[Work to complete]
Transcribe, without any alteration, only the lines that begin at the line containing "this 1688×1688 image." and run to the last line below.

[Data to process]
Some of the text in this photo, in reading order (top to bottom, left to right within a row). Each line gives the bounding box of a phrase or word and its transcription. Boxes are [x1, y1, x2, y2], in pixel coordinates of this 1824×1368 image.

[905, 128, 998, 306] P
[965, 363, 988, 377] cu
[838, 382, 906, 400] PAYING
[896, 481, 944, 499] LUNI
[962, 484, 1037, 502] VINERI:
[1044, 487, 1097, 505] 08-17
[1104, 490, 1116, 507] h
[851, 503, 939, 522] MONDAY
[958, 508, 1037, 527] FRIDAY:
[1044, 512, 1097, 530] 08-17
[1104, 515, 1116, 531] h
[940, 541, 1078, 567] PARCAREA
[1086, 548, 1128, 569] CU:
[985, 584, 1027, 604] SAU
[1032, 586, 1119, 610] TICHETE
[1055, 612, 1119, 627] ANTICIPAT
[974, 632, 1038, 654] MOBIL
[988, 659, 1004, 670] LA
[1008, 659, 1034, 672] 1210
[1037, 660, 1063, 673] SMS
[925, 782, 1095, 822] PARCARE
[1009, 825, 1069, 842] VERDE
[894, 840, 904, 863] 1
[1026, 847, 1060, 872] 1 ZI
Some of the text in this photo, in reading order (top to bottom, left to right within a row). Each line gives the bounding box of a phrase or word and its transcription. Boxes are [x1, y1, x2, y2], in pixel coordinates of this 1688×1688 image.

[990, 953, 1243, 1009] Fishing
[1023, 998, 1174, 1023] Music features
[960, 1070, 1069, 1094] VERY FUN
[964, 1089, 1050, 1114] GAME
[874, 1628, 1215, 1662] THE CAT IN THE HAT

[Answer box]
Some of the text in this photo, in reading order (top to bottom, left to right within a row). Each line gives the bounding box of a phrase or word and its transcription. Boxes are [x1, y1, x2, y2], in pixel coordinates of this 1688×1688 image.

[990, 953, 1243, 1009] Fishing
[1023, 998, 1174, 1023] Music features
[960, 1070, 1069, 1094] VERY FUN
[964, 1089, 1050, 1114] GAME
[874, 1628, 1215, 1662] THE CAT IN THE HAT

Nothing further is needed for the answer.